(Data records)
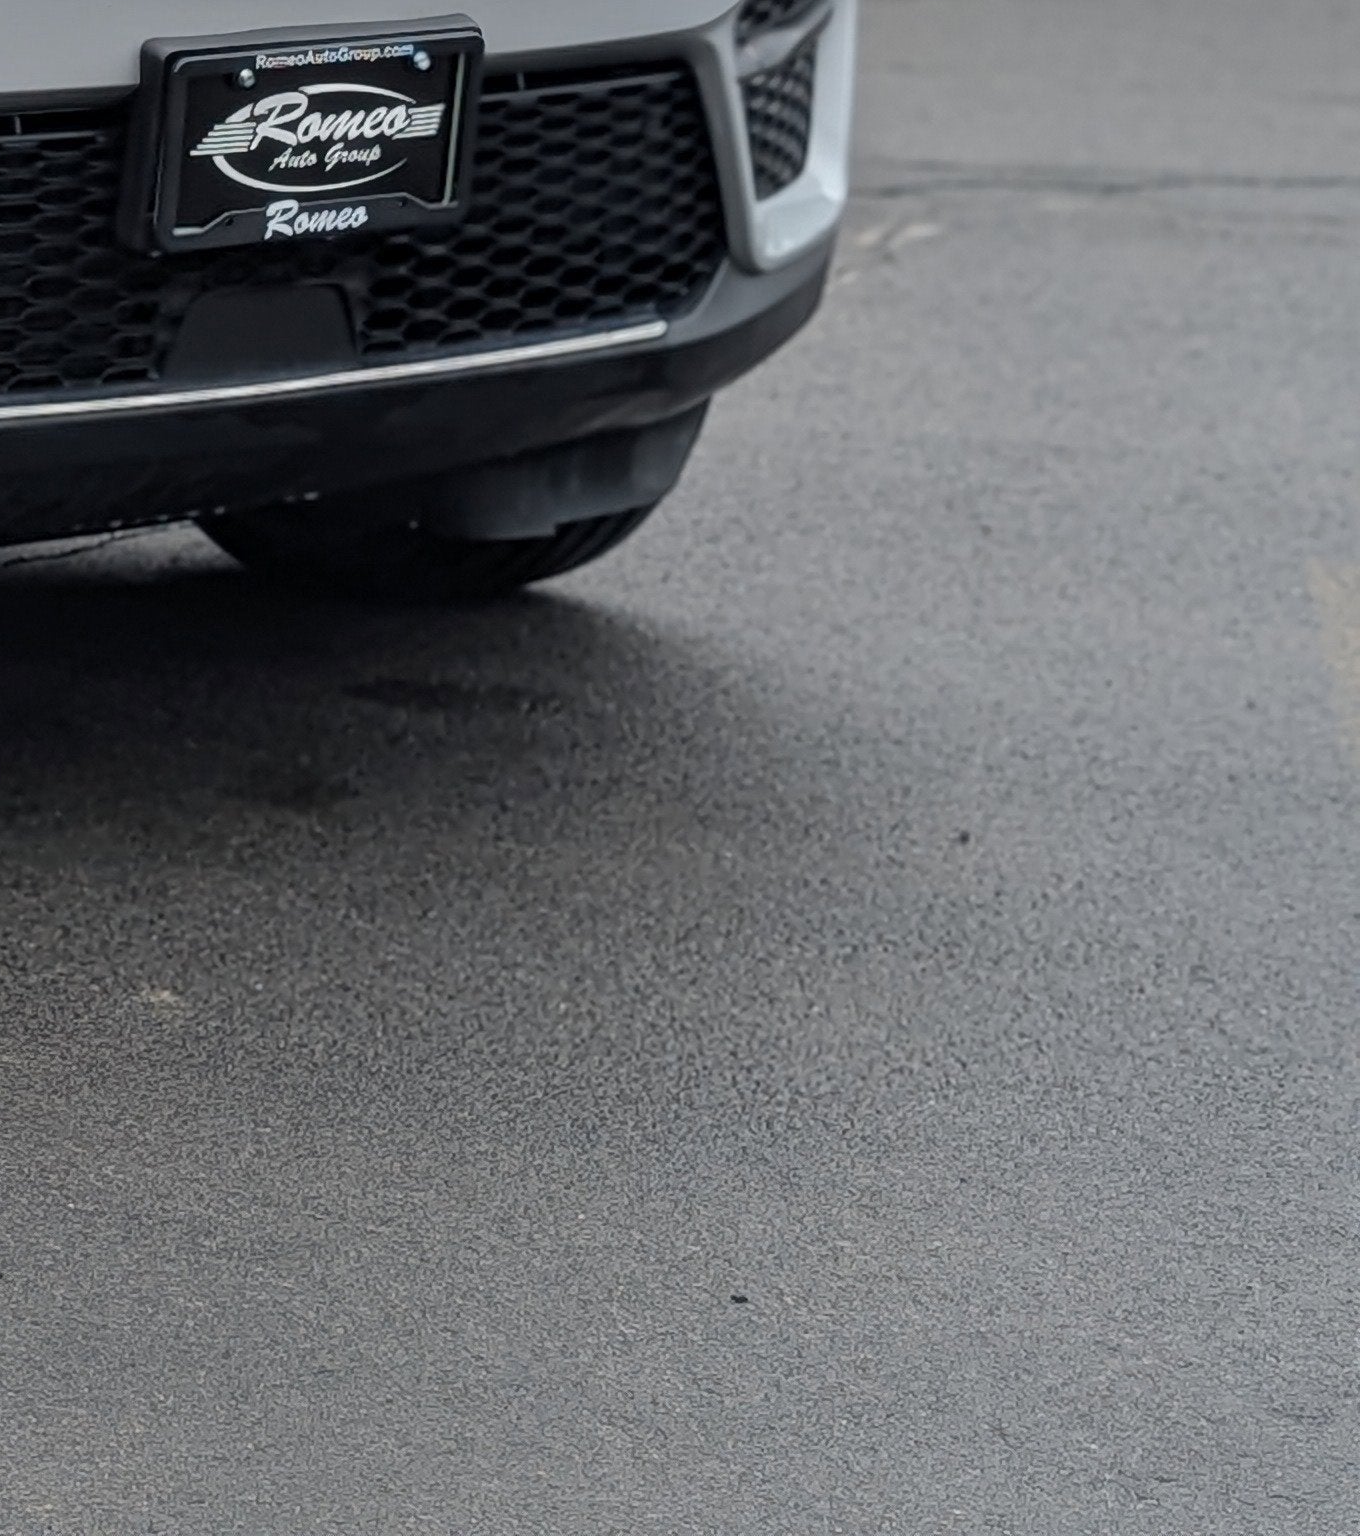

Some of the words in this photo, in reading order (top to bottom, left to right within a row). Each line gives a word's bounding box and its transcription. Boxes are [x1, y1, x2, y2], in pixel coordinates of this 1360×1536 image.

[254, 43, 415, 70] RomeoAutoGroup.com
[248, 90, 411, 151] Romeo
[268, 147, 318, 172] Auto
[324, 142, 381, 172] Group
[263, 198, 369, 241] Romeo

PROBLEM DETAILS: Could you print all the entries exactly as they stand, with the pictures left out?

RESULT OF THIS EXERCISE:
Some of the words in this photo, in reading order (top to bottom, left to right within a row). Each line gives a word's bounding box and its transcription. Boxes are [x1, y1, x2, y2], in pixel coordinates of this 1360×1536 image.

[254, 43, 415, 70] RomeoAutoGroup.com
[248, 90, 411, 151] Romeo
[268, 147, 318, 172] Auto
[324, 142, 381, 172] Group
[263, 198, 369, 241] Romeo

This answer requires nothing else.